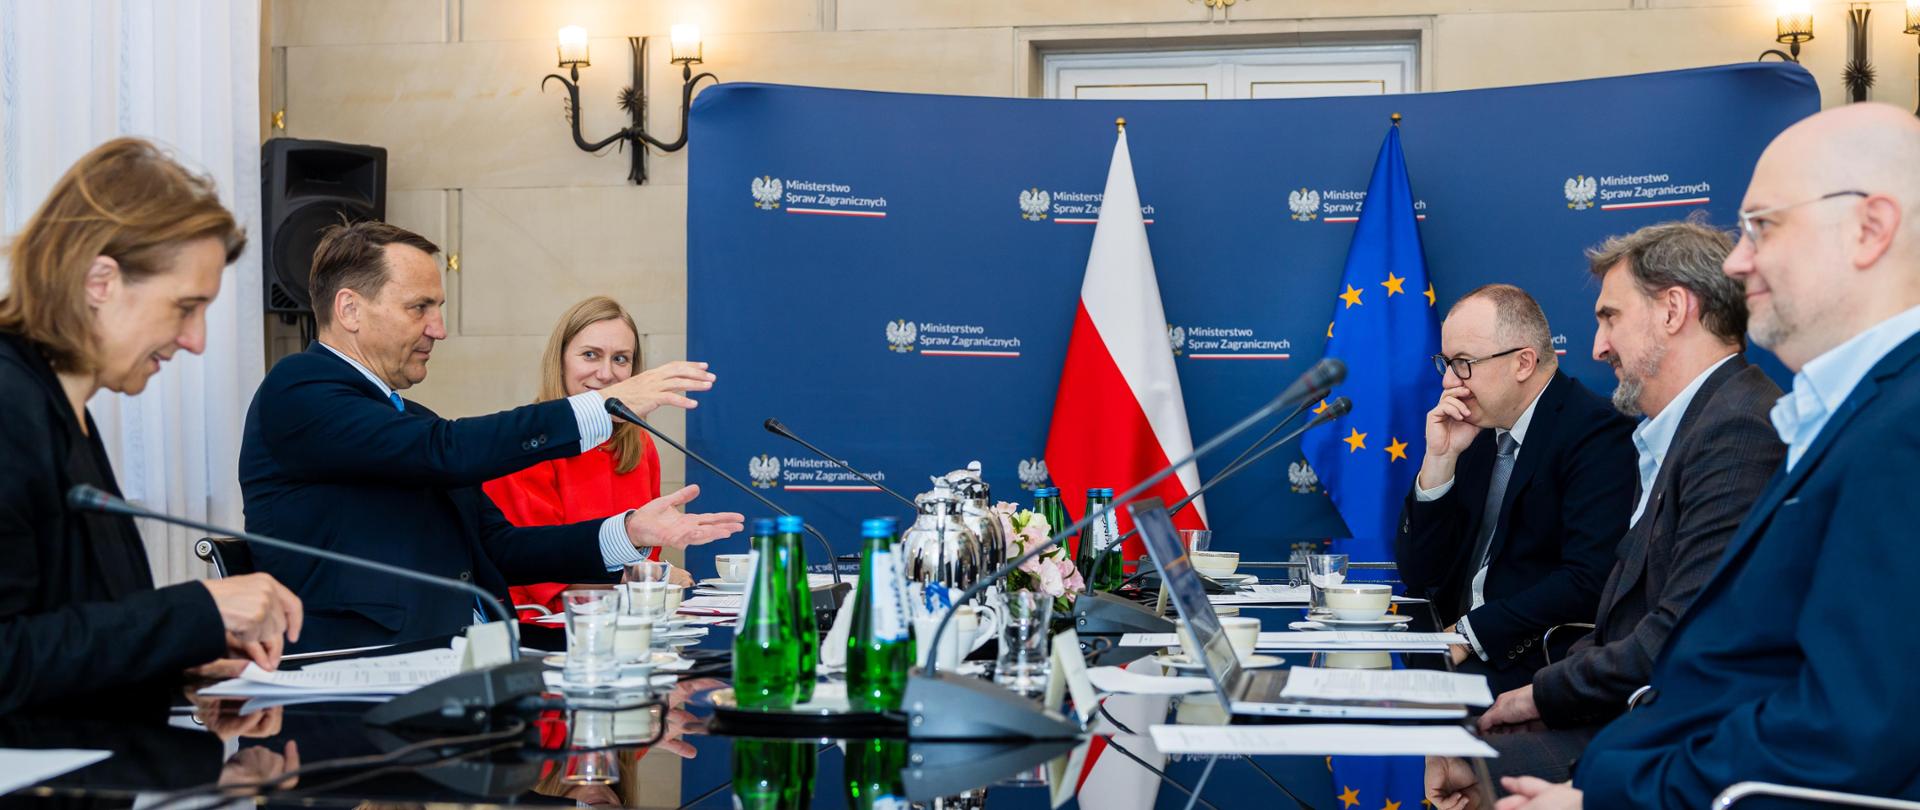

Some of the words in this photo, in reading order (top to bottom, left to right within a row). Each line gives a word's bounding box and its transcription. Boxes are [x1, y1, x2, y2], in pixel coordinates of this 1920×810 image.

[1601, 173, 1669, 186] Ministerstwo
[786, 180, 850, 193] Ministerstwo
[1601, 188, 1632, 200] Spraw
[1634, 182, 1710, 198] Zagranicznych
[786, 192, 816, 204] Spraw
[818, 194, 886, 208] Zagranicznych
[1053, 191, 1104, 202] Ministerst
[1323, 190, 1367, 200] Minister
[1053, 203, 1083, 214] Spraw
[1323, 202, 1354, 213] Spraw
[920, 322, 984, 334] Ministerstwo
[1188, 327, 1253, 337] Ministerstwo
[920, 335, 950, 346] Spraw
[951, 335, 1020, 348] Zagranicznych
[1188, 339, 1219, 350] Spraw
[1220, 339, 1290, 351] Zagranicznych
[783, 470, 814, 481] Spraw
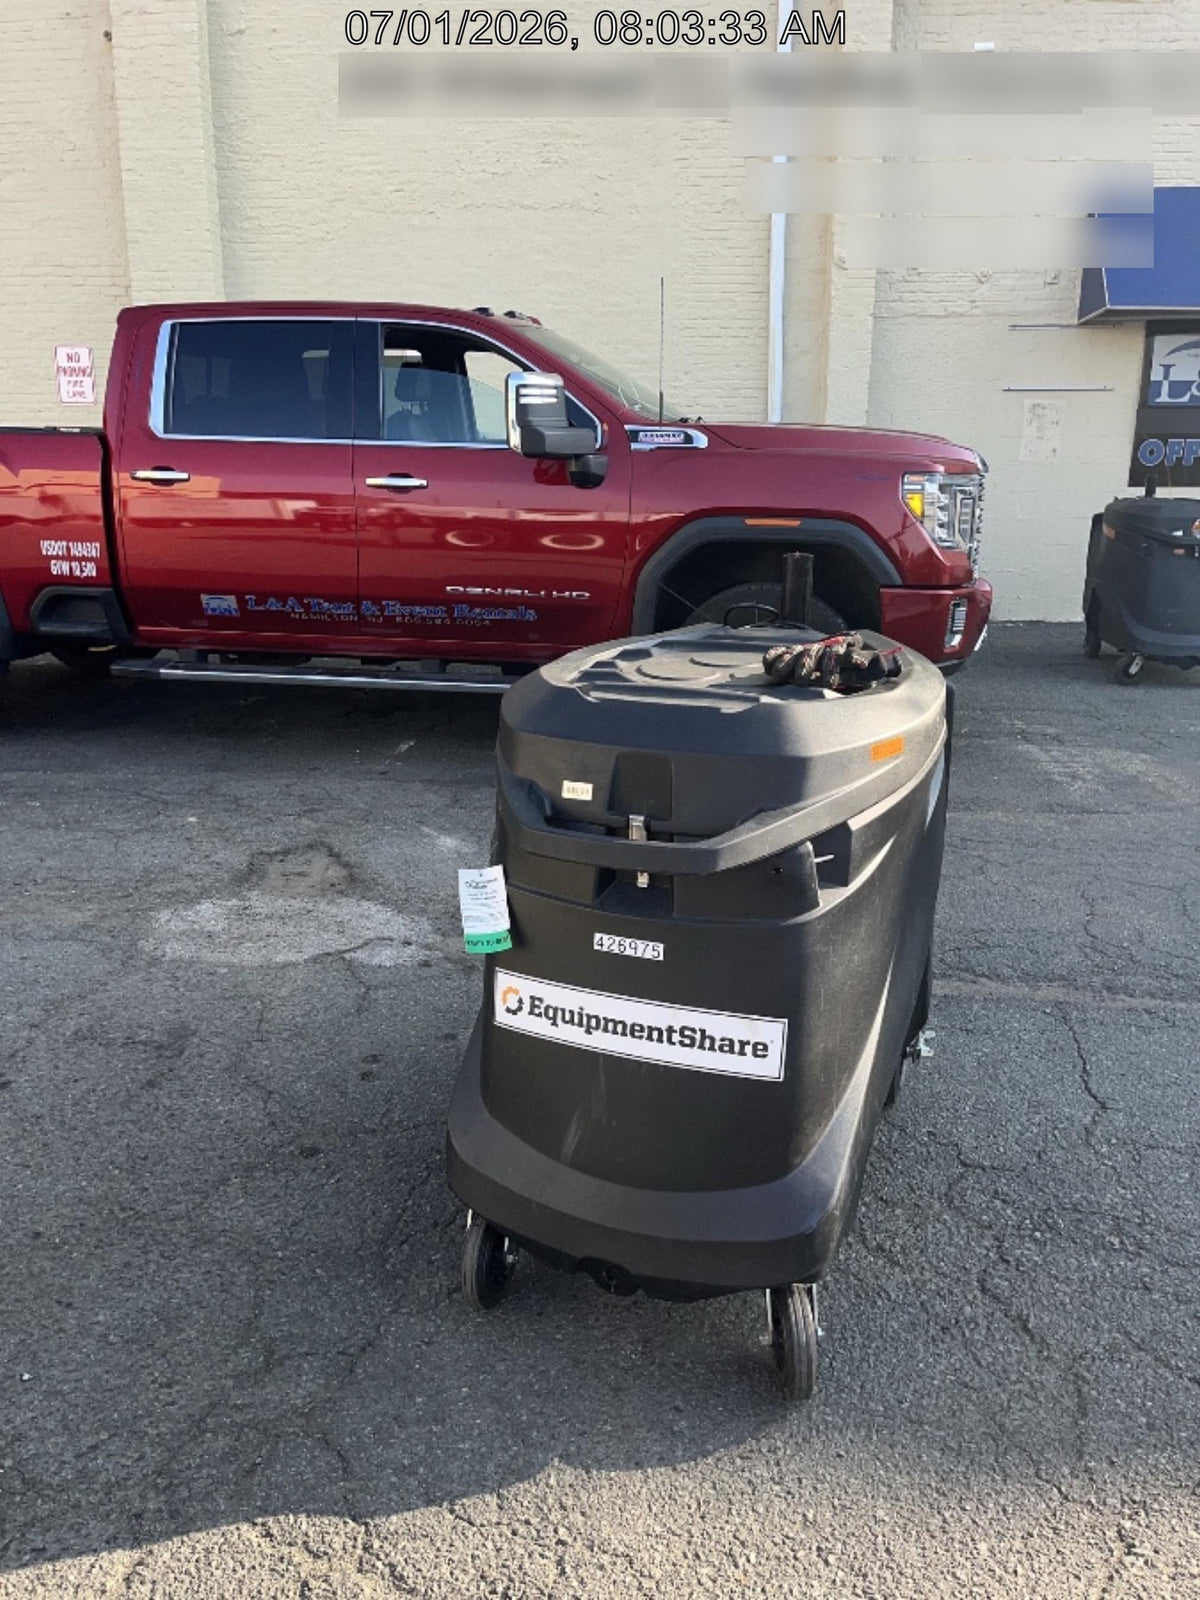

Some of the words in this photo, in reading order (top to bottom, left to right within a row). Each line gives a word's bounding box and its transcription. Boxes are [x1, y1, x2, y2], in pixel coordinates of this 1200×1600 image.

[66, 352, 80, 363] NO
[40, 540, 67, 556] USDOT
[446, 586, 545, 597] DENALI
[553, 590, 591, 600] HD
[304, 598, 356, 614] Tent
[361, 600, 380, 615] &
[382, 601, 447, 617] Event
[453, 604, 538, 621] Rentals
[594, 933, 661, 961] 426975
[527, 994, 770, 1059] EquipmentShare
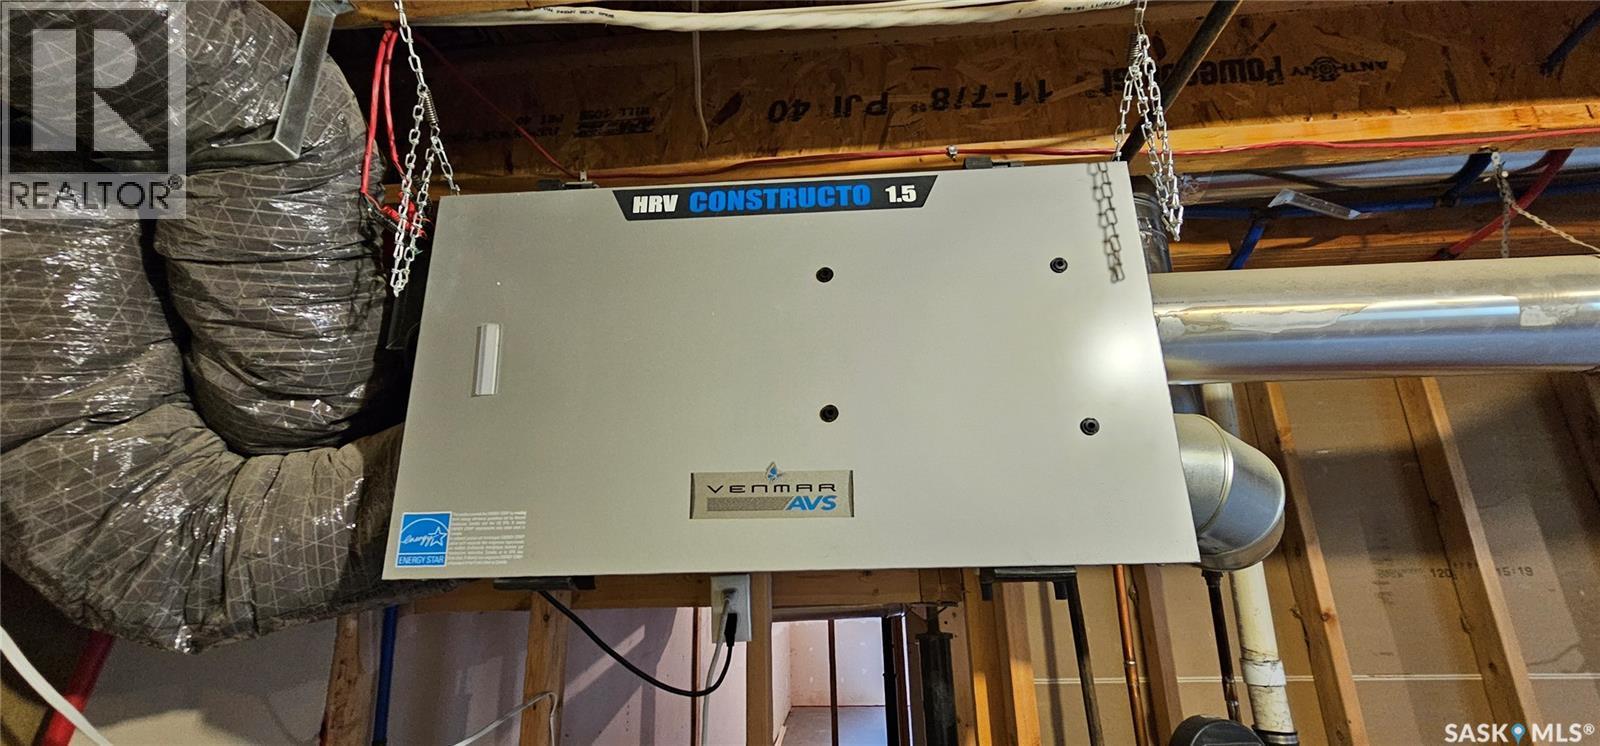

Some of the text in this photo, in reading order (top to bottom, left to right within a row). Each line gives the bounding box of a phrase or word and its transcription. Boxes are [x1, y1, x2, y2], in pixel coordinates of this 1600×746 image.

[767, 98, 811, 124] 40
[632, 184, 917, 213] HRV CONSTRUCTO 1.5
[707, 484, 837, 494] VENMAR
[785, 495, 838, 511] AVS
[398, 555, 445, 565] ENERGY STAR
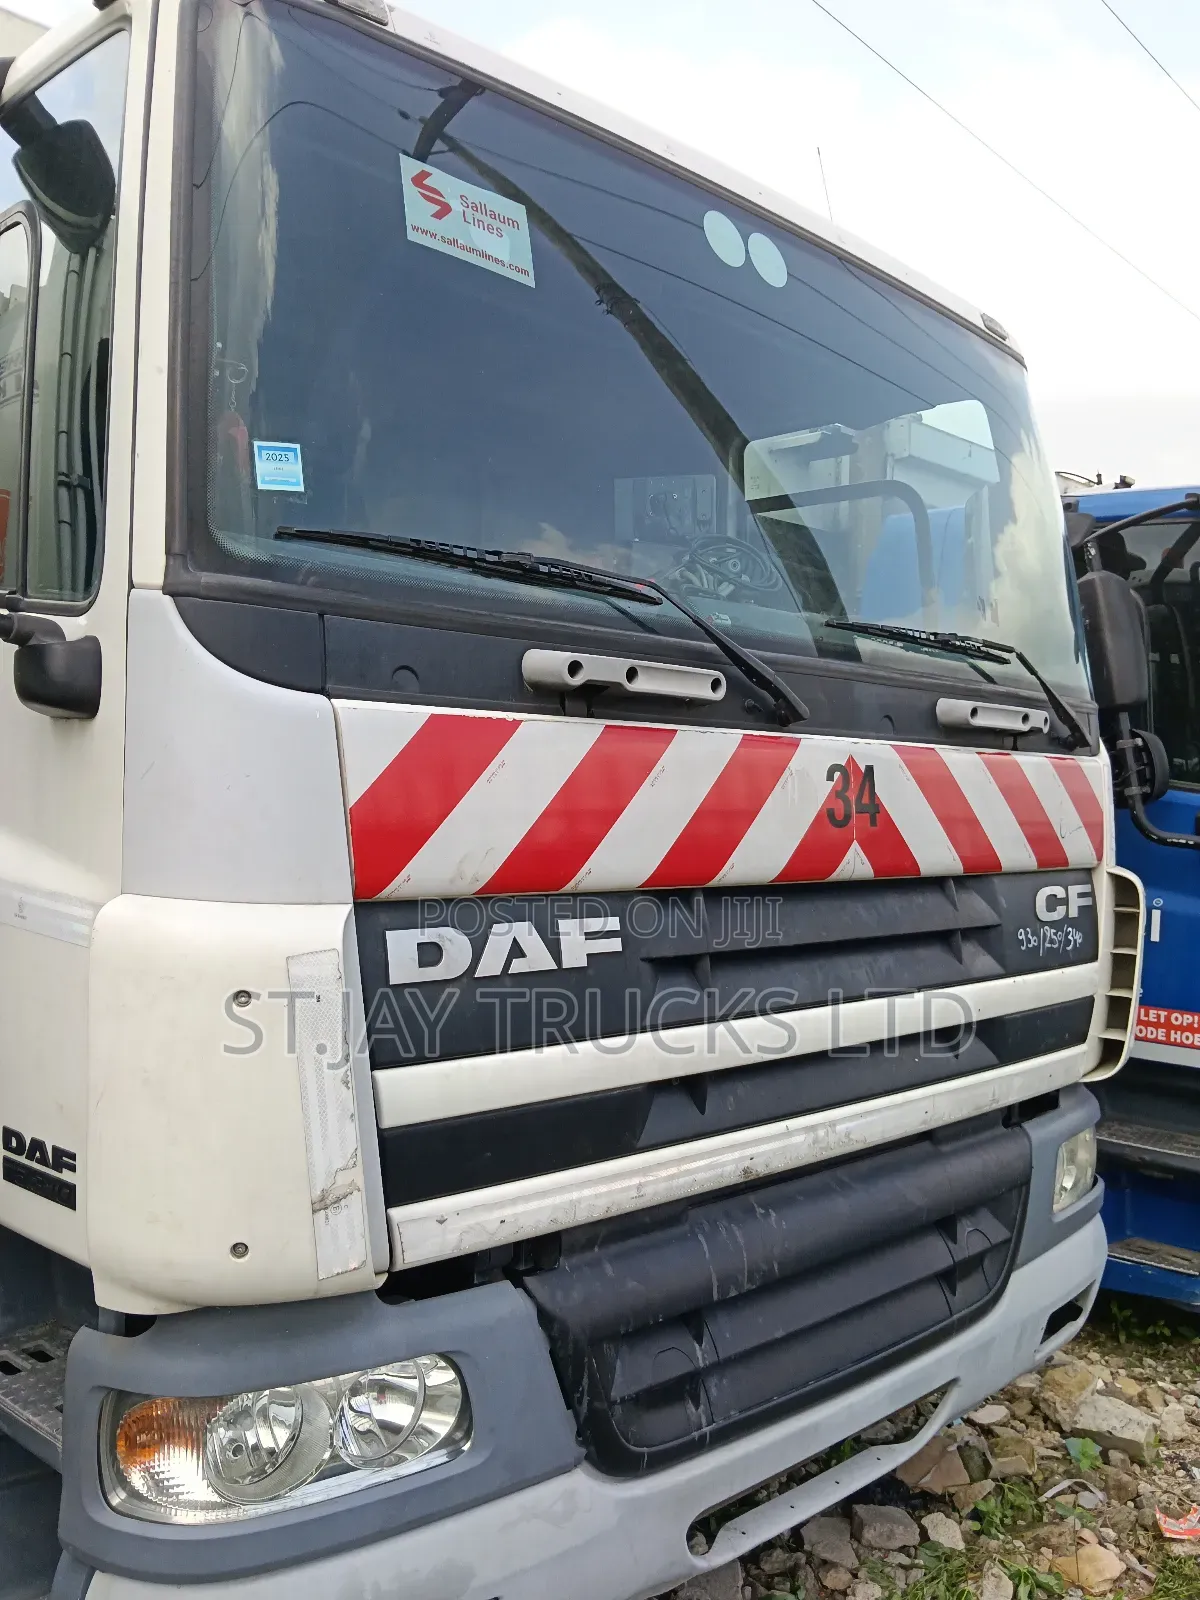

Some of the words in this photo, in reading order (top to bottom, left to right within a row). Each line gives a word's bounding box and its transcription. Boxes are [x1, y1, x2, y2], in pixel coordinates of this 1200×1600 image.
┄┄┄┄┄┄┄┄┄┄┄┄┄┄┄┄┄┄┄┄
In your copy of the listing above, every line must match exactly and no picture may appear.

Some of the words in this photo, in reading order (top to bottom, left to right within a row). Each line gives a word's bounding box and its transcription. Boxes are [x1, y1, x2, y2], in pixel coordinates of this 1920×810 image.

[1601, 173, 1669, 186] Ministerstwo
[786, 180, 850, 193] Ministerstwo
[1601, 188, 1632, 200] Spraw
[1634, 182, 1710, 198] Zagranicznych
[786, 192, 816, 204] Spraw
[818, 194, 886, 208] Zagranicznych
[1053, 191, 1104, 202] Ministerst
[1323, 190, 1367, 200] Minister
[1053, 203, 1083, 214] Spraw
[1323, 202, 1354, 213] Spraw
[920, 322, 984, 334] Ministerstwo
[1188, 327, 1253, 337] Ministerstwo
[920, 335, 950, 346] Spraw
[951, 335, 1020, 348] Zagranicznych
[1188, 339, 1219, 350] Spraw
[1220, 339, 1290, 351] Zagranicznych
[783, 470, 814, 481] Spraw

Some of the words in this photo, in reading order (top to bottom, left to right within a row). Each line gives a word's bounding box and its transcription. Boxes are [x1, y1, x2, y2], in pixel coordinates of this 1200×1600 image.

[66, 352, 80, 363] NO
[40, 540, 67, 556] USDOT
[446, 586, 545, 597] DENALI
[553, 590, 591, 600] HD
[304, 598, 356, 614] Tent
[361, 600, 380, 615] &
[382, 601, 447, 617] Event
[453, 604, 538, 621] Rentals
[594, 933, 661, 961] 426975
[527, 994, 770, 1059] EquipmentShare

Some of the text in this photo, in reading order (top to bottom, left to right within a row). Each line gives the bounding box of a phrase or word and its transcription. Boxes are [x1, y1, x2, y2], in pixel coordinates of this 1600×746 image.

[767, 98, 811, 124] 40
[632, 184, 917, 213] HRV CONSTRUCTO 1.5
[707, 484, 837, 494] VENMAR
[785, 495, 838, 511] AVS
[398, 555, 445, 565] ENERGY STAR

Some of the words in this photo, in reading order (top to bottom, left to right within a row). Each line gives a word's bounding box and its transcription. Boxes are [x1, y1, x2, y2], in pixel coordinates of this 1200×1600 image.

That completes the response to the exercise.